BEGIN The data
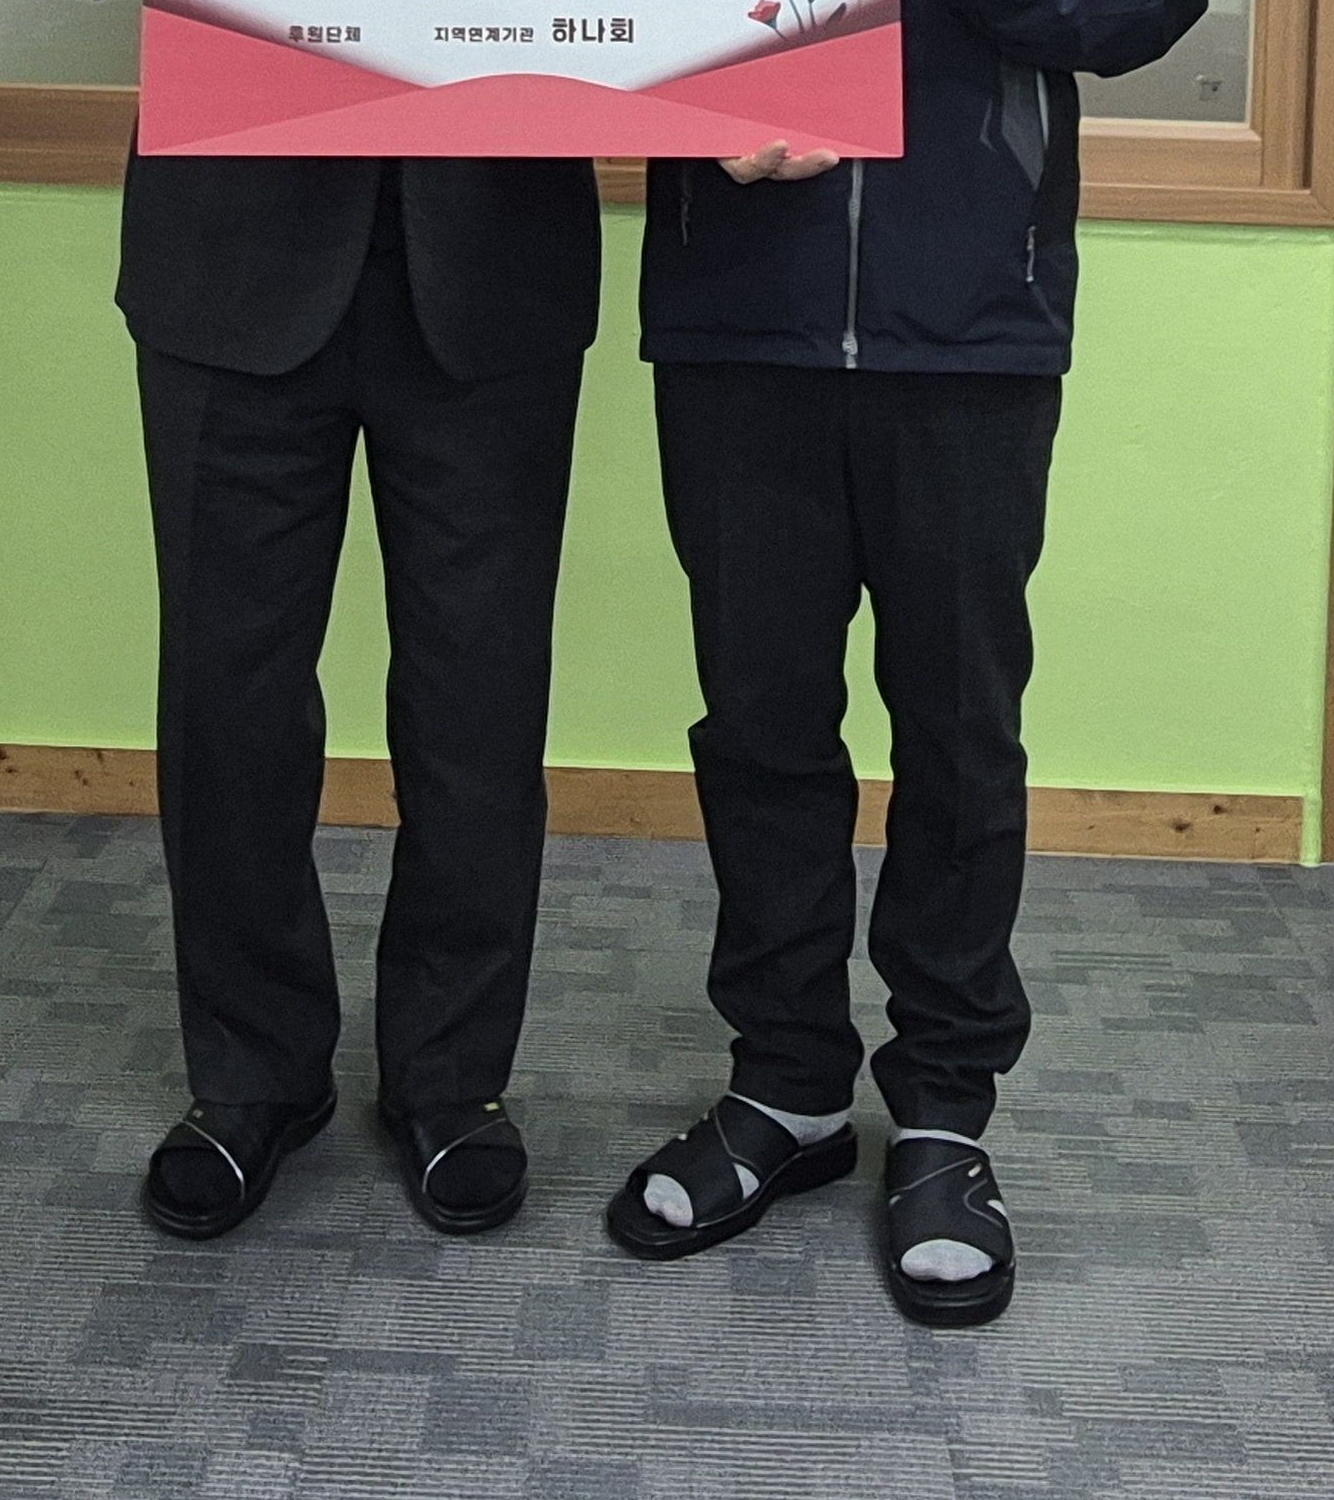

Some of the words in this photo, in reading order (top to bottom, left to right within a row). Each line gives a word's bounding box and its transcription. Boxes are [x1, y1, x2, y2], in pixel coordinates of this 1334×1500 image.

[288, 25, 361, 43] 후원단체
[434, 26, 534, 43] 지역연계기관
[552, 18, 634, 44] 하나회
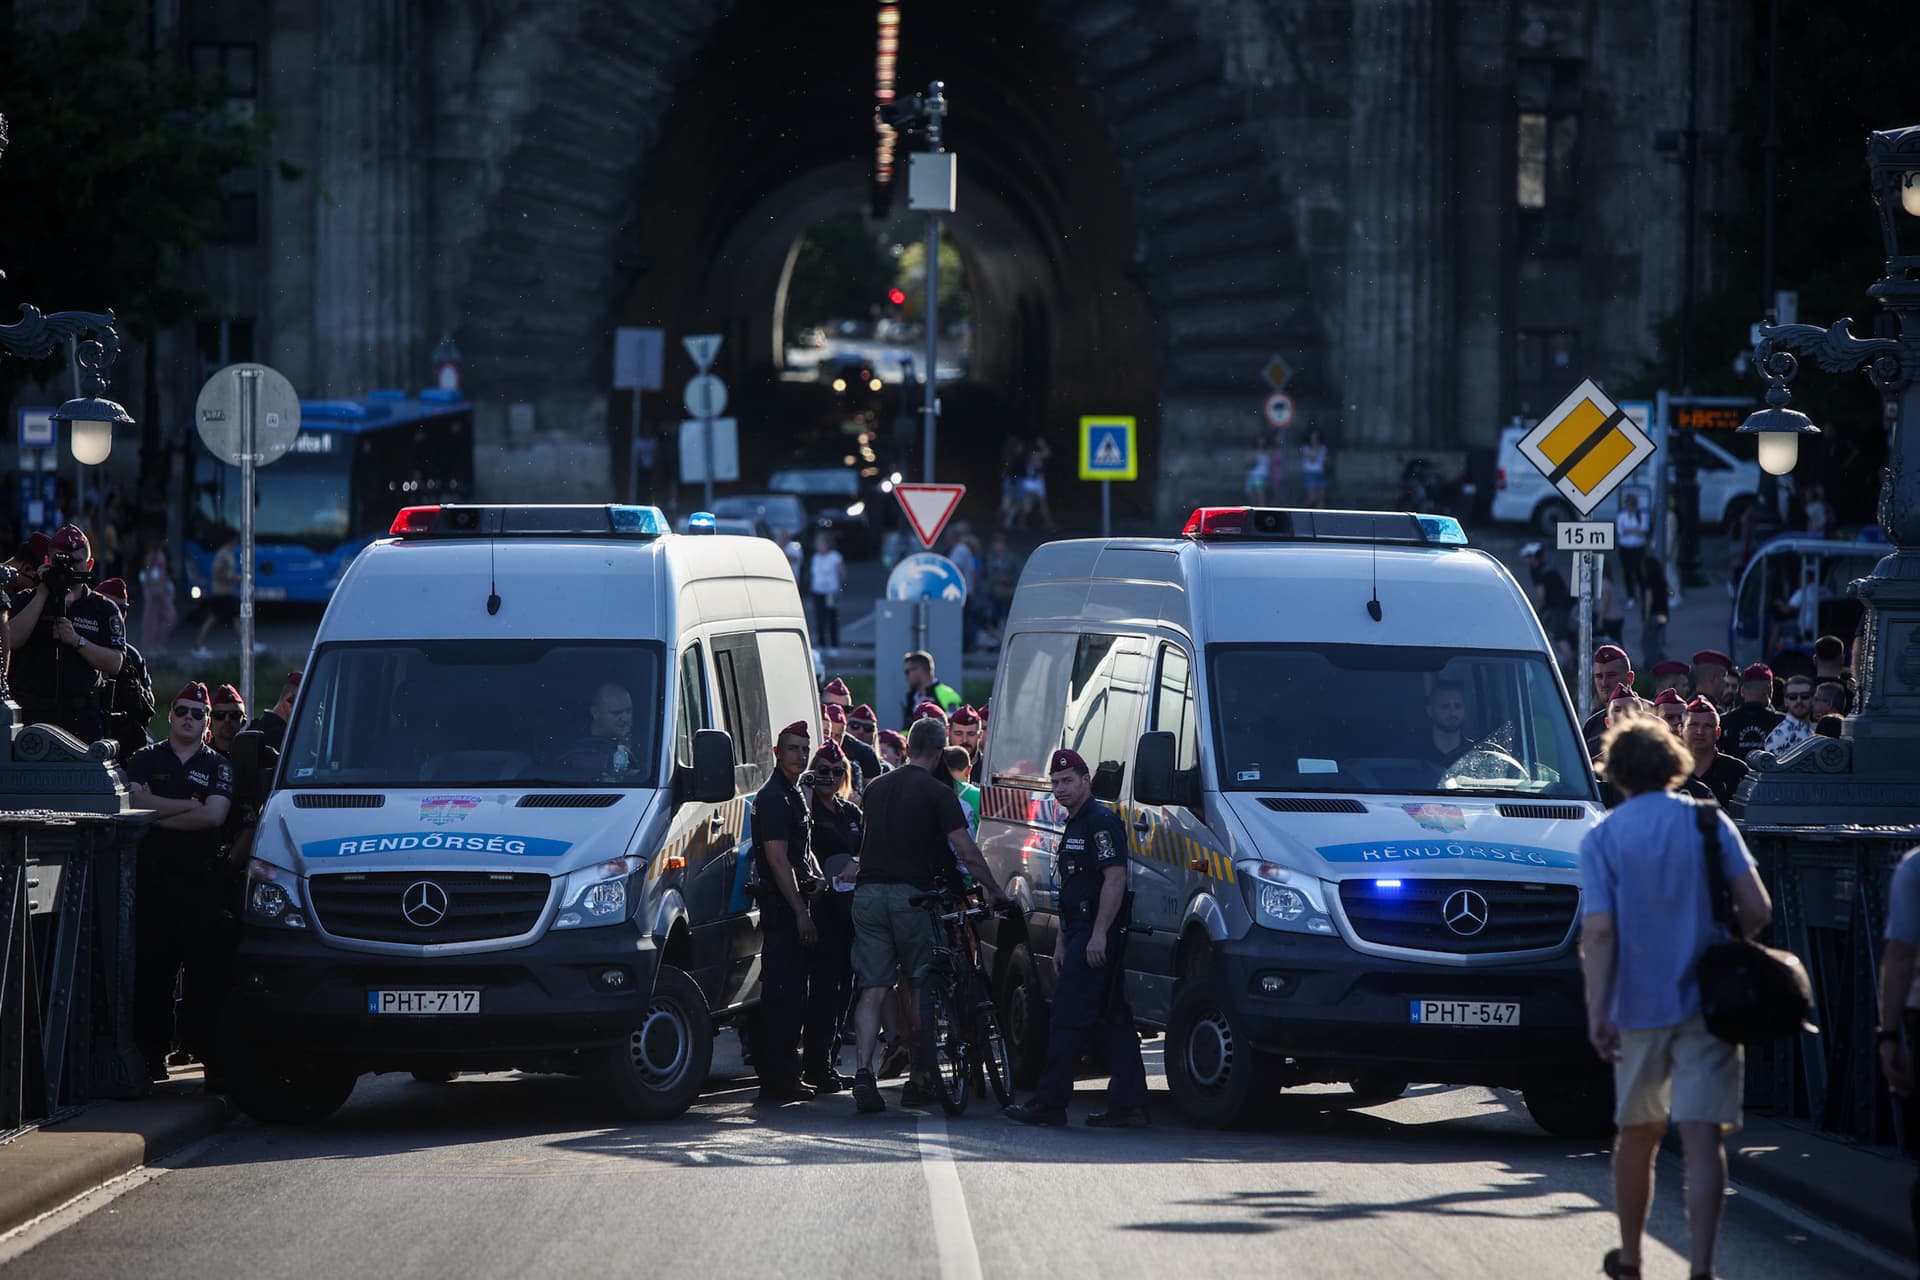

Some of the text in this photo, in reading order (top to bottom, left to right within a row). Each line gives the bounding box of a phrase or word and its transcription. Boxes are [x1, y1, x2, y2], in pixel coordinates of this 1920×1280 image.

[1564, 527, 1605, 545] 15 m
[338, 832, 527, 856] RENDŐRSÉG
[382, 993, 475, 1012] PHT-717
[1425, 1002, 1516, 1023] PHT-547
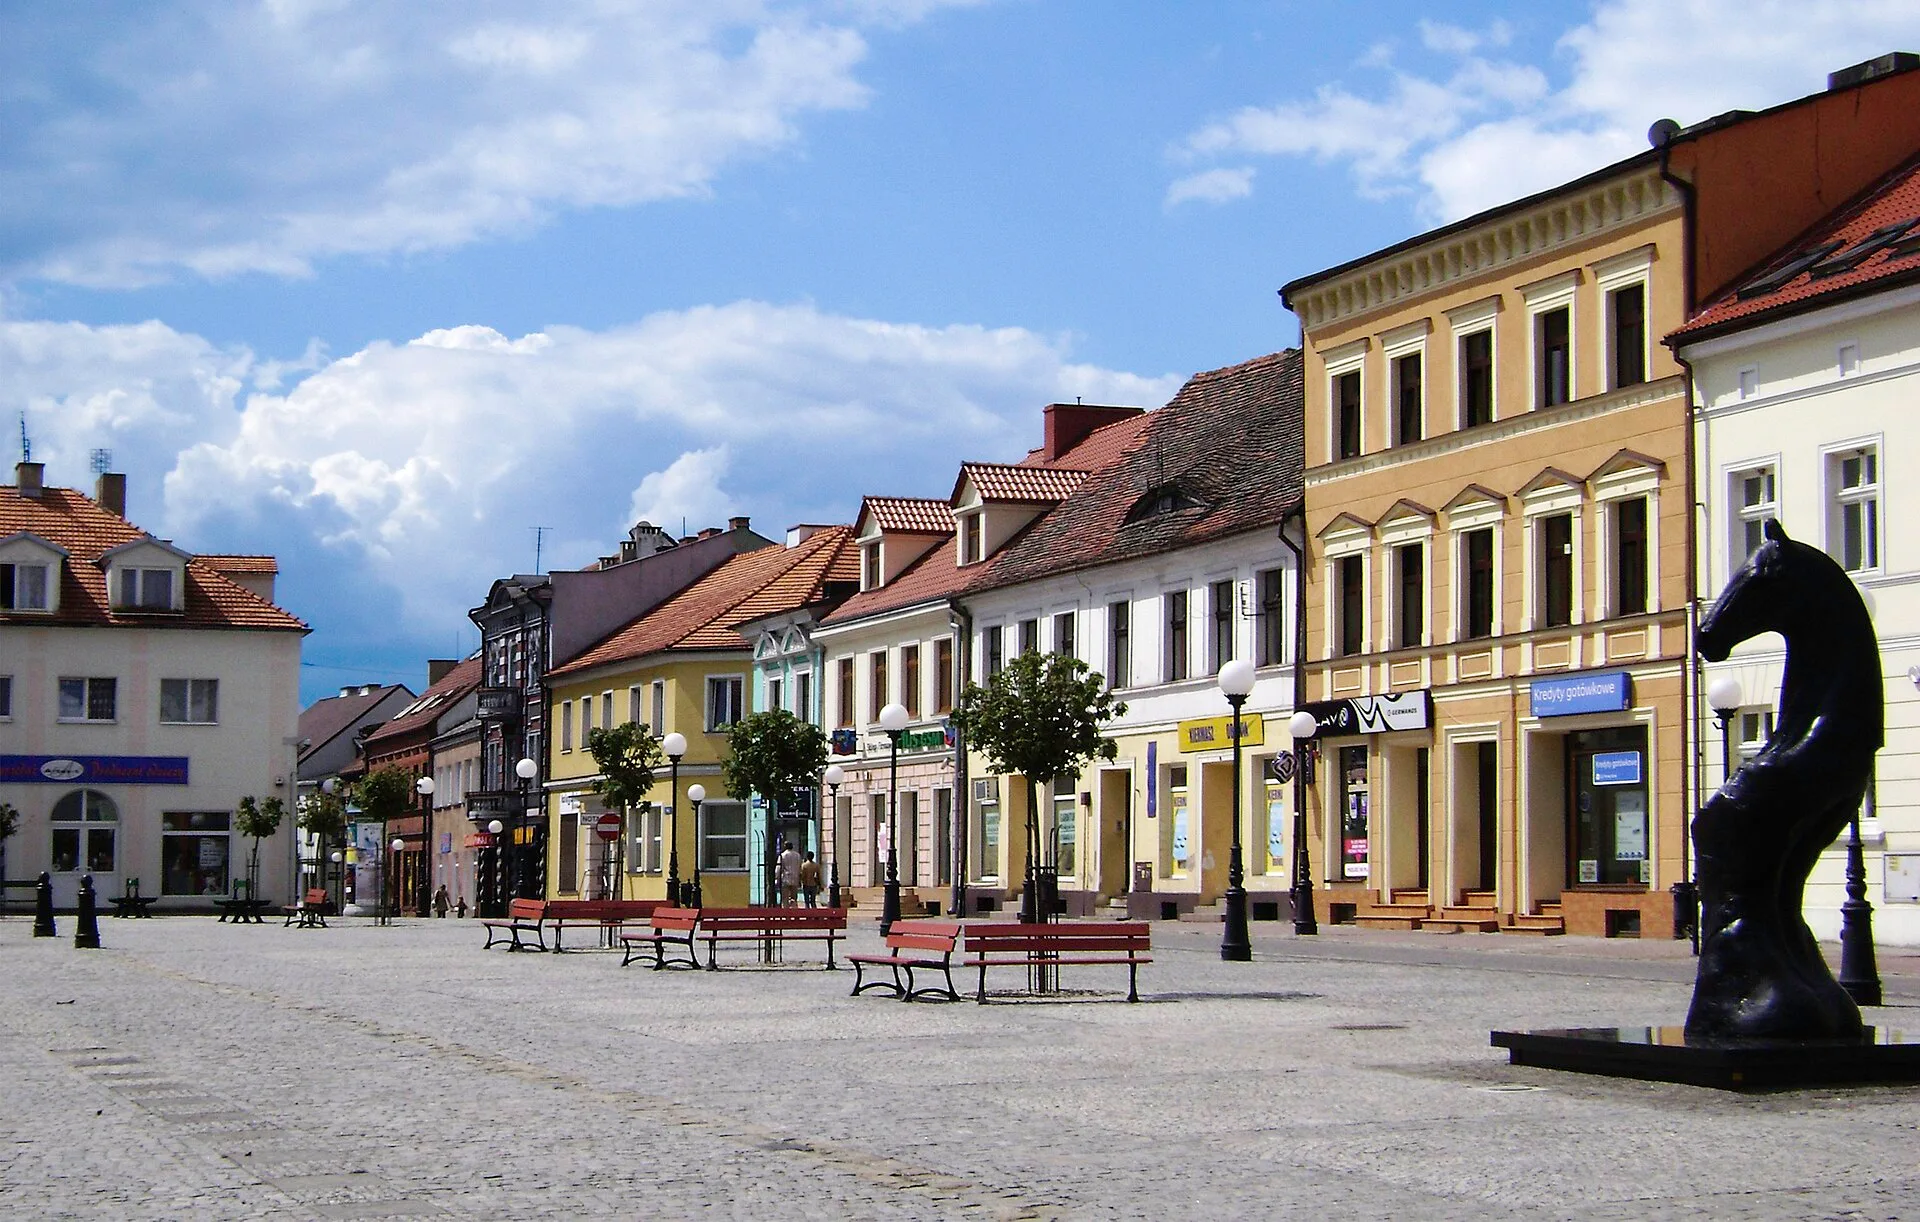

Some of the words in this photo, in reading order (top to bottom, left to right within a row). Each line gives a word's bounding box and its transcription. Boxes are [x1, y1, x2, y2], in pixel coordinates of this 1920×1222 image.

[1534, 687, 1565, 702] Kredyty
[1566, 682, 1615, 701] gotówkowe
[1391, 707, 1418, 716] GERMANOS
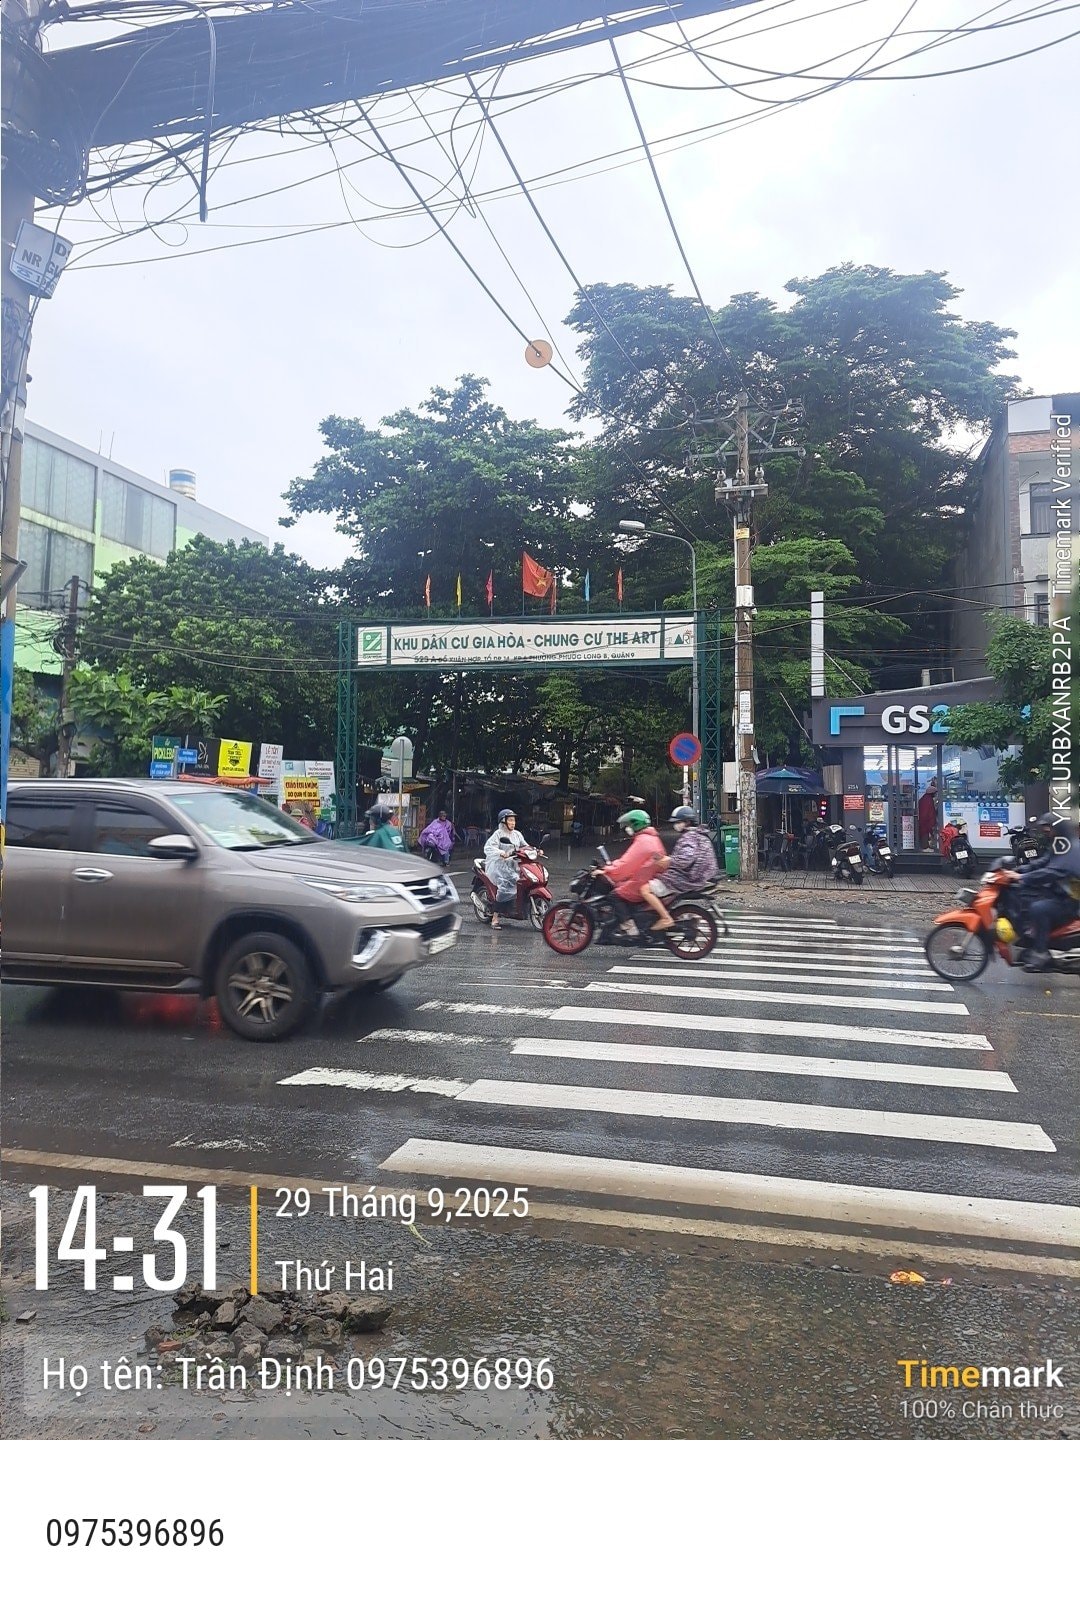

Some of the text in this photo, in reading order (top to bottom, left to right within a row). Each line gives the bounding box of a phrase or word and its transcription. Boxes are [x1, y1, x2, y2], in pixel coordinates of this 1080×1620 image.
END The data
The expected output is every line of the data, unchanged, with the pictures skipped.

- Answer -
Some of the words in this photo, in reading order (top to bottom, left to right within a row). Each line gives a word's bounding box and its transcription. Boxes are [x1, y1, x2, y2], in pixel coordinates of this 1334×1500 image.

[288, 25, 361, 43] 후원단체
[434, 26, 534, 43] 지역연계기관
[552, 18, 634, 44] 하나회

Some of the text in this photo, in reading order (top to bottom, left to right within a row). Each line gives the bounding box of a phrase or word and its transcription. Boxes are [x1, y1, x2, y2], in pixel coordinates of this 1920×1280 image.

[1564, 527, 1605, 545] 15 m
[338, 832, 527, 856] RENDŐRSÉG
[382, 993, 475, 1012] PHT-717
[1425, 1002, 1516, 1023] PHT-547

Some of the words in this photo, in reading order (top to bottom, left to right within a row). Each line gives a word's bounding box and its transcription. Boxes are [x1, y1, x2, y2], in pixel coordinates of this 1920×1222 image.

[1534, 687, 1565, 702] Kredyty
[1566, 682, 1615, 701] gotówkowe
[1391, 707, 1418, 716] GERMANOS

Some of the text in this photo, in reading order (top to bottom, left to right within a row). Each line gives the bounding box of a phrase or word and its transcription. Boxes are [x1, y1, x2, y2], in pixel coordinates of this 1080×1620 image.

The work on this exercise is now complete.